Князь Астралов чертил тростью арабески на песке и сначала ничего не ответил. Потом он встал и, подавая руку на прощанье Василию Михайловичу, сказал:
– На то есть причины – если не положительные, то отрицательные. Впрочем, не я один по таким причинам кочую…
Князь тронул шляпу, кивнул головой полковнику Роткирху и обычным большим шагом направился к оркестру.
– Вы не заступились ни за Петербург, ни за Москву, полковник, – сказал Василий Михайлович, обращаясь к Роткирху.
– Мне неловко было вмешаться в разговор на той почве, на которую вы его поставили, – отвечал полковник, улыбнувшись. – Меня зовут Роткирхом. Я мог бы только сказать, что если вы себя преимущественно чувствуете русским в деревне, то я то же самое ощущаю во фронте или перед фронтом.
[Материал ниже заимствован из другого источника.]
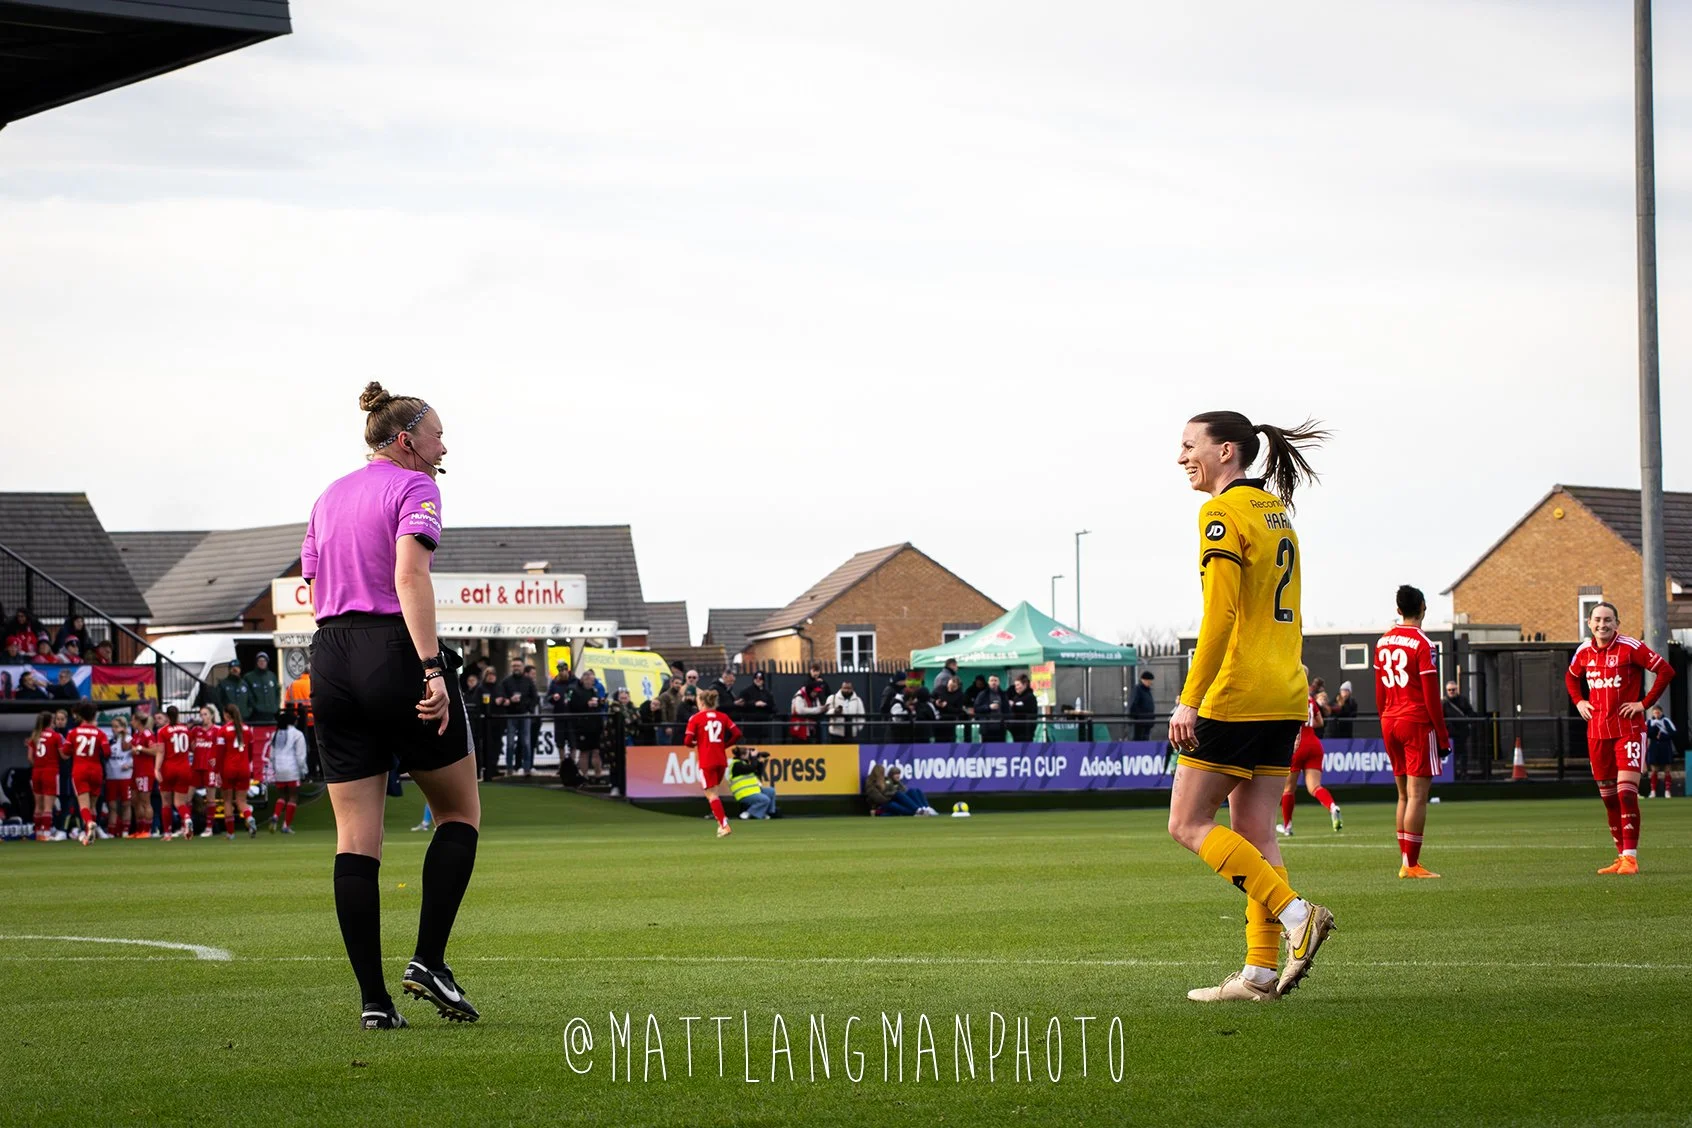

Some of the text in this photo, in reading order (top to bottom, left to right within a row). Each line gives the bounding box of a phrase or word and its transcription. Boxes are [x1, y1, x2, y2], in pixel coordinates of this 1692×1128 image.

– Скажу вам то, что мне только что сказал князь Астралов, – отвечал Василий Михайлович, – я вас понимаю. Вы мне напомнили, что мой сын часто говорит, что в наше время у нас ничего нет прочно сплоченного, кроме армии, что она одна олицетворяет идею единства, и что все прочее как-то расшаталось, разрознилось и разбилось на кучки. Русское чувство плохо мирится с разбивкой на кучки, а во фронте нет кучек, – разве по команде.
– Анатолий Васильевич прав, – сказал Роткирх. – Жаль, что он не военный. Был бы молодцом-офицером. Посмотрите на него. Он идет к нам от оркестра. Князь Астралов указал ему на нас. Вообразите себе его в мундире, например в кавалергардском. Он и ездок хороший. Намедни я его встретил с князем Шёнбургом, на том гнедом жеребце князя, которого вы хвалили, и это навело меня на мысль о кавалергардах.
По выражению лица Василия Михайловича можно было заметить, что он не отказал себе в отцовском удовольствии на одно мгновение вообразить сына в кавалергардской форме. Между тем Анатолий Леонин успел подойти к отцу.
– Анатолий, – сказал Василий Михайлович, – полковник сожалеет о том, что ты не военный, и находит, что ты годился бы в кавалергарды.
– Благодарю за честь, – отвечал смеясь Анатолий. – Во всяком случае, теперь поздно мне поступать в какой бы то ни было полк. Но если бы закон о военной повинности состоялся ранее, я, вероятно, и был бы военным.